The Looms We Resemble accentuates the similarities and intersections between different cultures and histories. Over the span of one month, the artists in this exhibition gathered to learn more about weaving and sit with the patience it offers.
Each artist manifested their very unique and intimate connections with their heritage, ancestors, and identity. Through this guided tour, we will delve deep into these connections and explore how each artist found solace in being together, weaving, telling stories, sharing time and space and producing new artworks that capture the essence of this togetherness.
The tour will end with an informal open discussion between the curator and attendees.
Fatma Hendawy is a curator based in Toronto. She graduated in 2020 from the MVS Curatorial program, University of Toronto. She participated in curatorial workshops and residencies including Tate Intensive 2017, ProHelvetia and ZKU/Berlin. She curated “Overt: Militarization as Ideology”, 2020 at the Art Museum, “Blind Ambition” by Hassan Khan film screening at Images Festival 2022, “Garden of Broken Shadows”, 2023 at Critical Distance Center for Curators, “Art Nest” 2023 at TOAF 62, and “As we move away from the sun”, 2024 Apexart international exhibition at Allan Gardens.
Currently she is working on independent curatorial research “Harvesting Roots, Cultivating Hope” funded by OAC to document conversations with immigrant artists from the SWANA and East Africa in Ontario.

Saturday, November 30, 2024

Time: 2 – 4 PM (ET)
Youngplace Hallway Galleries (180 Shaw Street, Third Floor, Toronto)
No Registration Required

Storytelling Circle with Sarah Abusarar

Storyteller, Sarah Abusarar will be accenting the exhibit by weaving Palestinian stories of long ago. The Palestinian traditional stories were told by women in the villages. It is a tradition that was passed down from generation to generation. Often the women would tell these stories while engaging in other folk art such as embroidery and weaving. Sometimes they would tell traditional stories and other times the women would share stories from their own lives as they wove. Sarah comes from one such family. She will be sharing stories that would have been told around the fire in her village Dura by her grandmothers and that she continues to tell in diaspora in order to preserve this ancient tradition.

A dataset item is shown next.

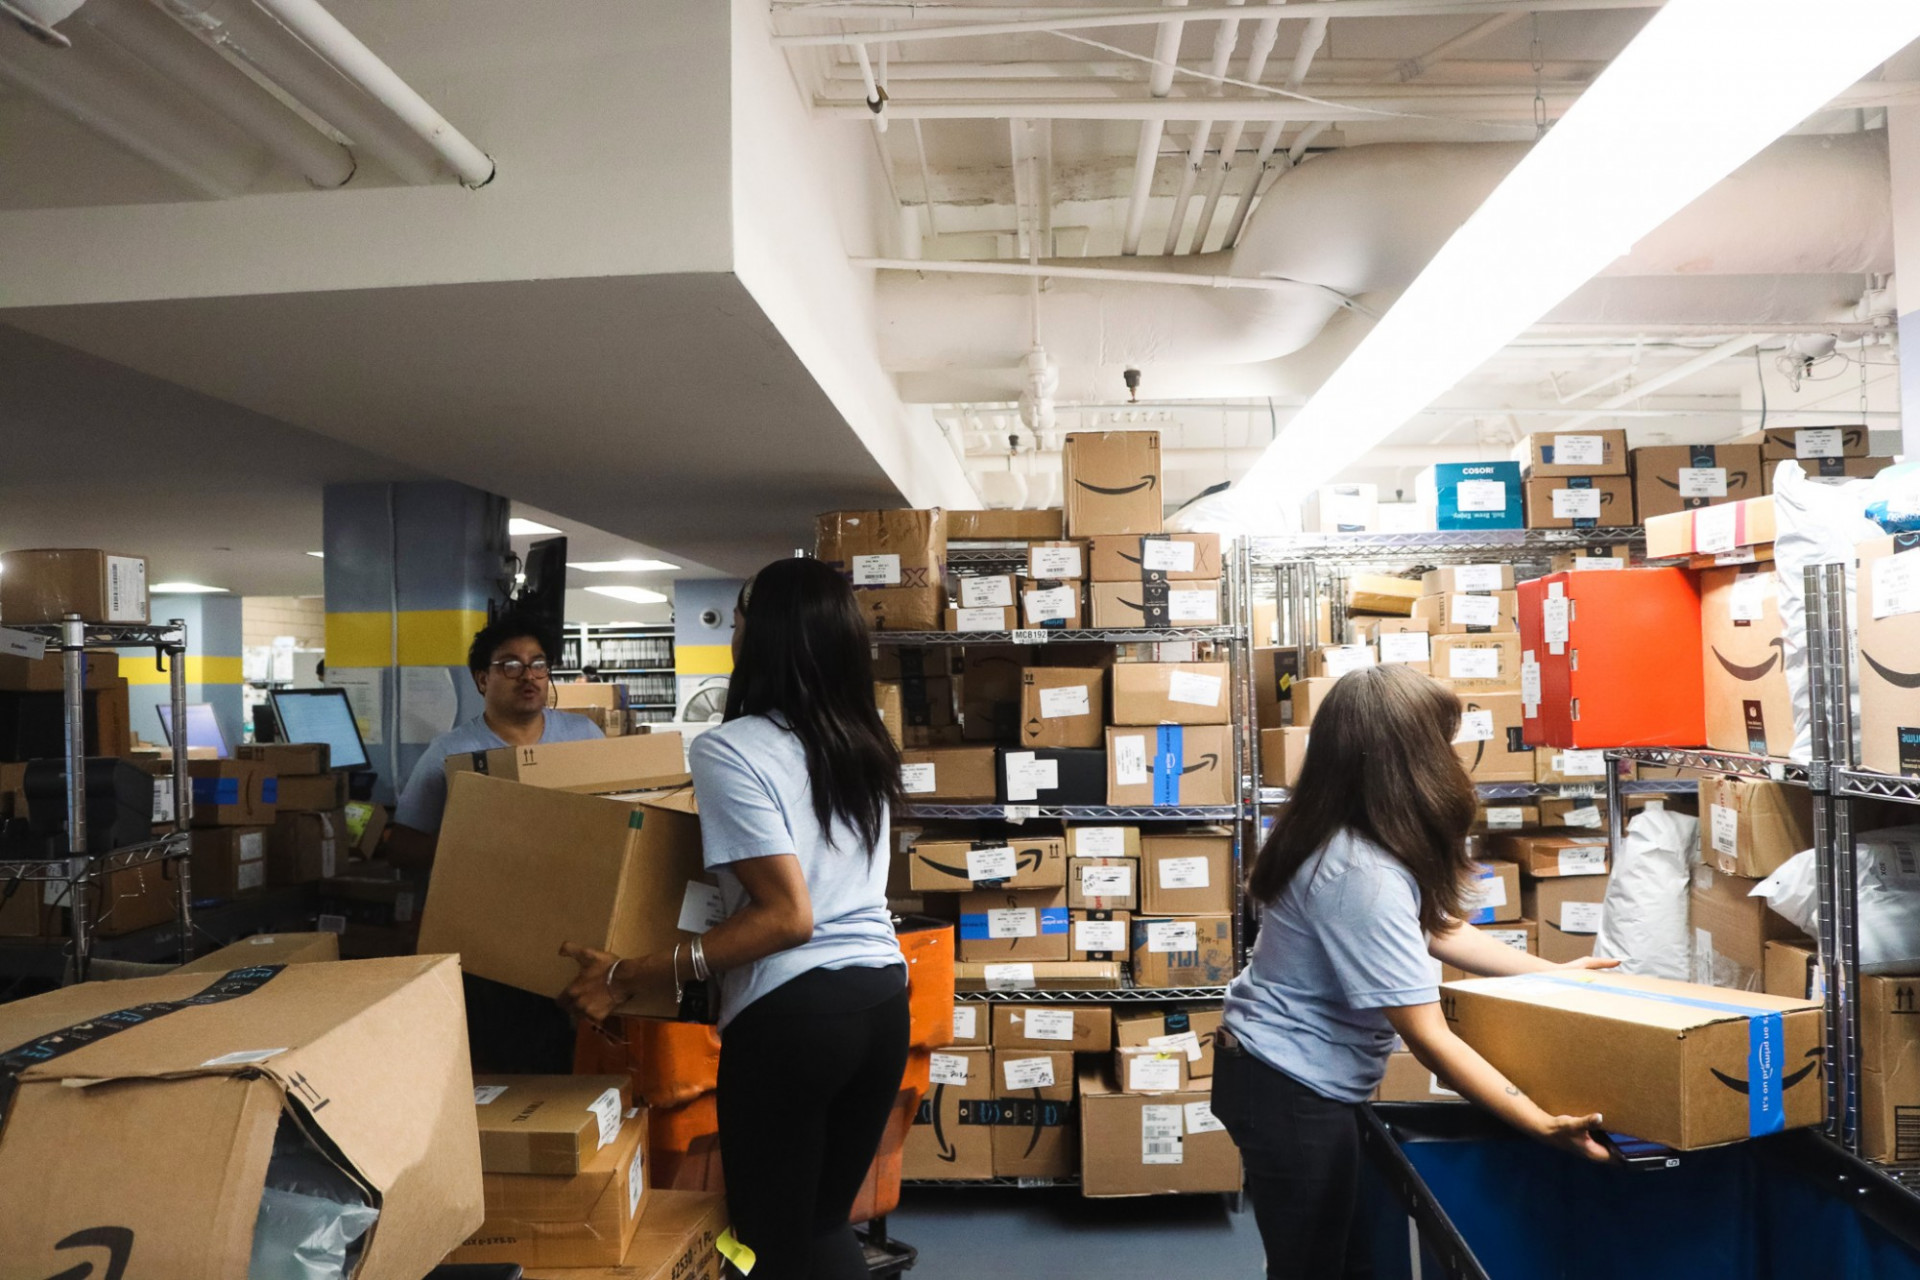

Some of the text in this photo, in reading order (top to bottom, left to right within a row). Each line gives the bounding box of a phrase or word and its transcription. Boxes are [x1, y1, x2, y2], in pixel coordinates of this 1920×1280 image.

[1462, 466, 1495, 475] COSORI
[1015, 631, 1047, 639] MCB192
[1168, 944, 1199, 968] FIJI

Sarah Abusarar comes from a long line of storytellers on her paternal side. She tells stories to both adults and children. Sarah has told stories both nationally and internationally at festivals in Canada, Italy, Croatia, Bosnia, Tunisia, Morocco and United Arab Emirates. Because Sarah grew up in several countries, she tells stories from all over the world with the focus on Palestinian and Croatian stories where her roots lie. Her favourite stories are ones that promote social change. Sarah has also used stories in a therapeutic way with children in refugee camps and refugee children in Toronto, as part of their therapy. She works at the Parent Child Mother Goose Program using traditional storytelling to encourage parent child bonding. Sarah belongs to a collective called “Musical Story Studio” where stories and music are combined. Sarah tells stories so that she may go deep inside of the tales and find herself in far away magical places that she remembers, from long, long ago.

Saturday, November 23, 2024

Time: 12 – 3 PM (ET)
WA OFFSITE Gallery, 180 Shaw St. Unit 302
Registration Required
Maximum Capacity: 14

COME HAVE TEA with HELEN KONG

Tea is beyond a beverage. In a tea gathering we engage in a mindful and meditative journey of making, drinking, appreciating, and reflecting with tea.

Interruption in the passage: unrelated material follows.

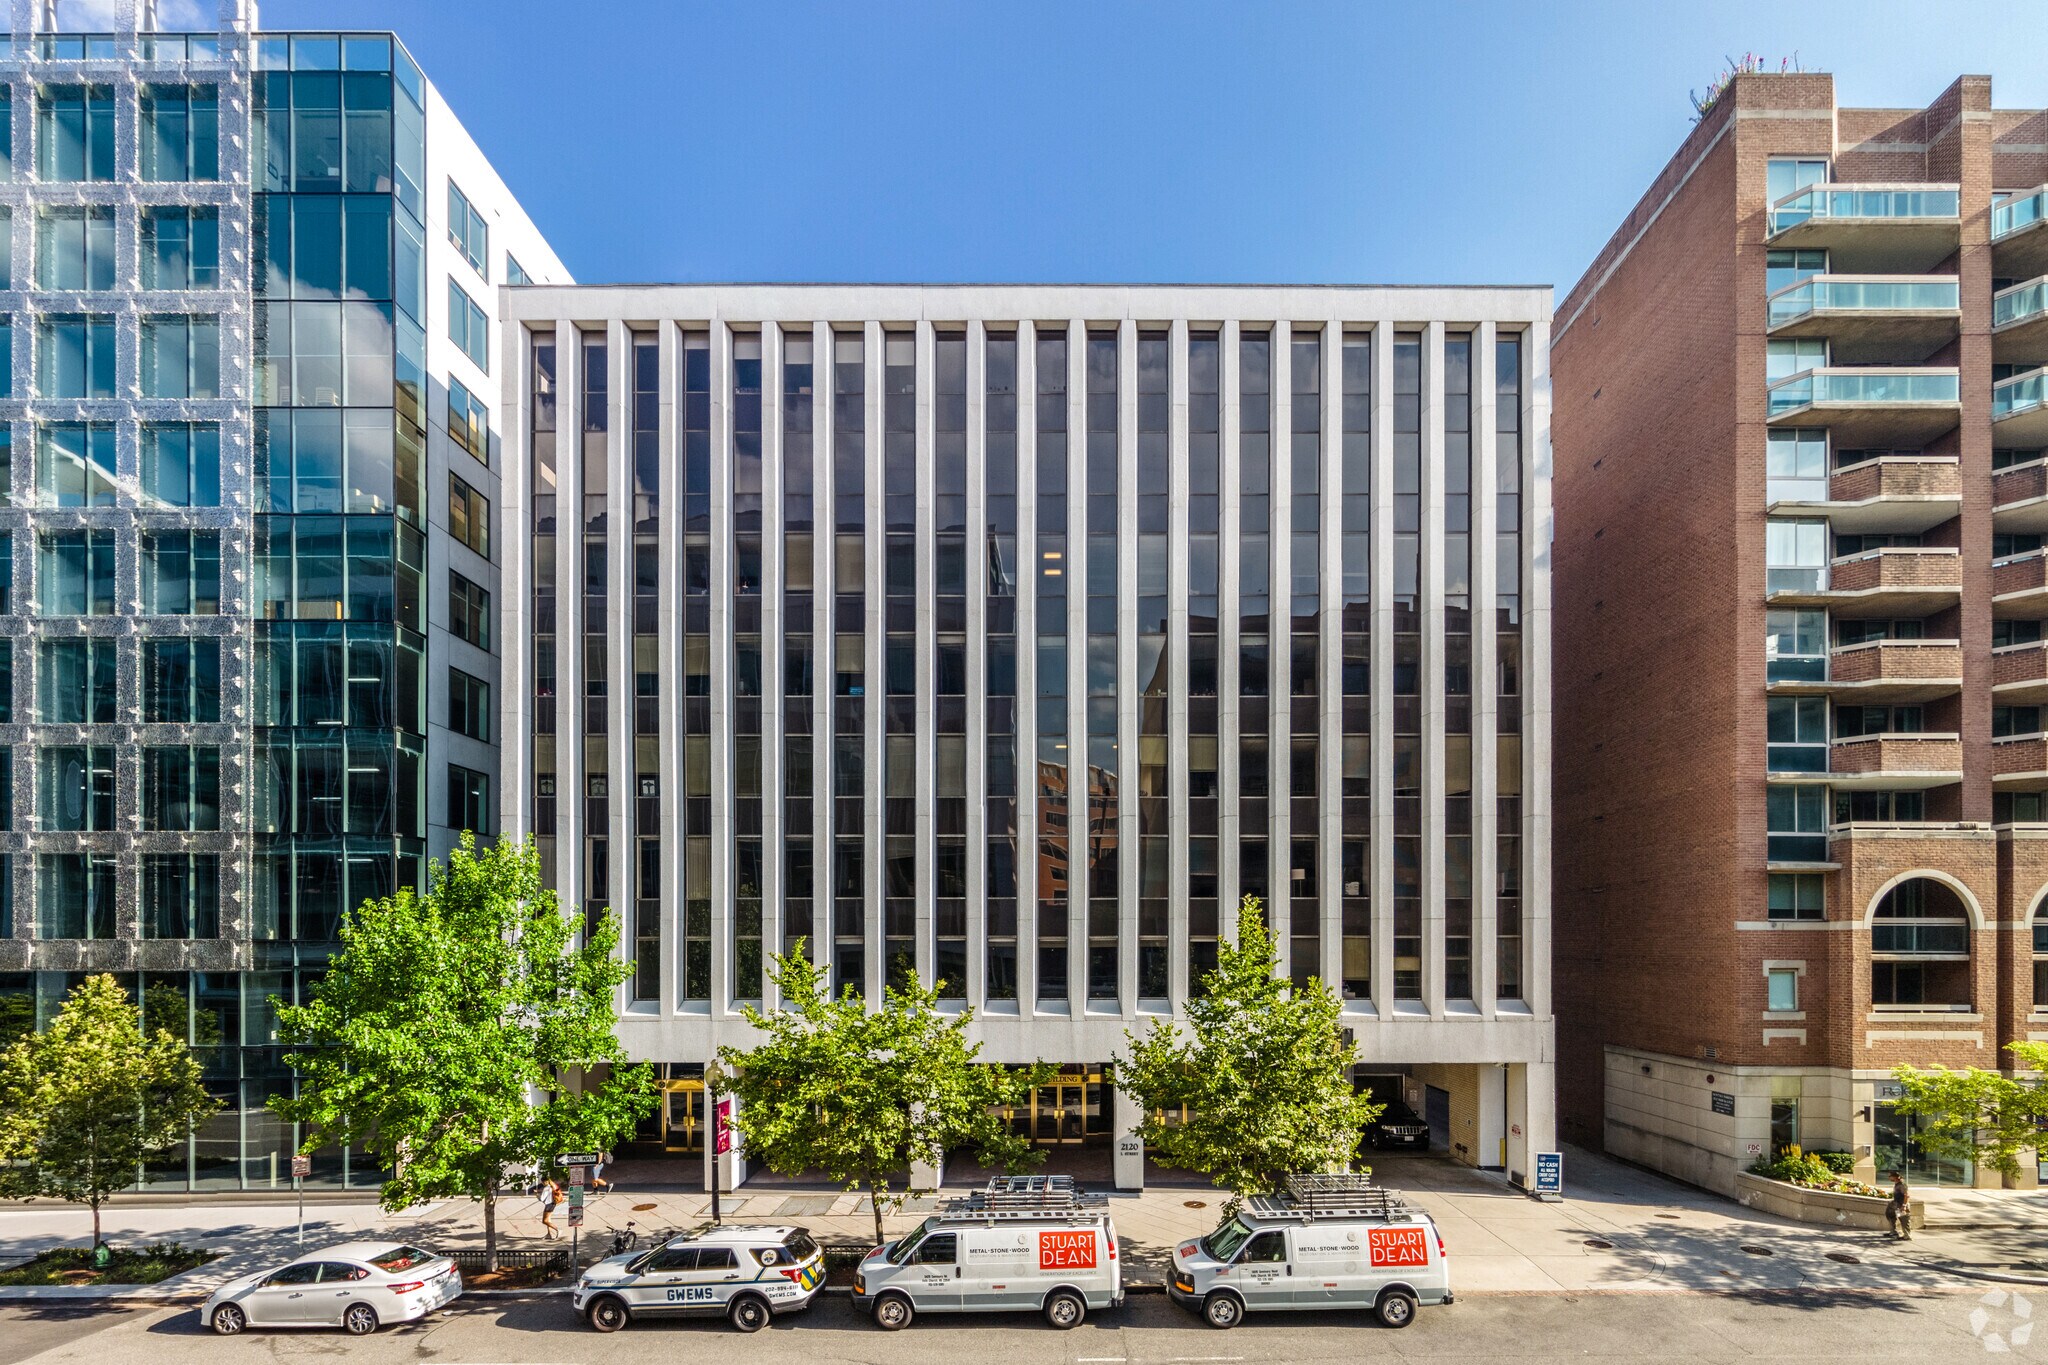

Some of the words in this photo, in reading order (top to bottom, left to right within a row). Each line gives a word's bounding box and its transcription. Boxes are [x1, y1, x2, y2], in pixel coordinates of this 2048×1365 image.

In this tea gathering, Helen will demonstrate a Chinese tea ritual and serve teas to the participants and attendees. This will serve as context to her piece “Tea by the Apricot Tree” made during the “Way of Weaving” course facilitated by Jana Ghalayini. The tea mat, woven and created into a carry case for a traveling tea set expresses the significance of tea gatherings as a circle of learning and healing through engagement. More information about the piece can be found at the exhibition “The Looms We Resemble”.

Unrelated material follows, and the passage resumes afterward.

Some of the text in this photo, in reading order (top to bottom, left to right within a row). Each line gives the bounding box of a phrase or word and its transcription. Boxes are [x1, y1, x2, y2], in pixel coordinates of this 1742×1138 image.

Helen Kong is a second generation Chinese Canadian living and working in Tkaronto (Toronto). She studied her first ritualized tea while living in Japan. Chado (the Way of Tea) is a meditative life journey through tea and hospitality. It is the gateway into art, culture, and philosophy. After returning to Canada, she studied ceramics as a way to better understand tea vessels. She established Secret Teatime, a clay studio where people play with clay and sip tea. She has expanded from making tea wares for Japanese teas to also studying and making wares for her own heritage of Chinese tea.

Saturday, December 7, 2024

Time: 1 – 3 PM (ET)
Open to all – no registration required
Location: Hallway Galleries, Youngplace, Third floor, 180 Shaw St.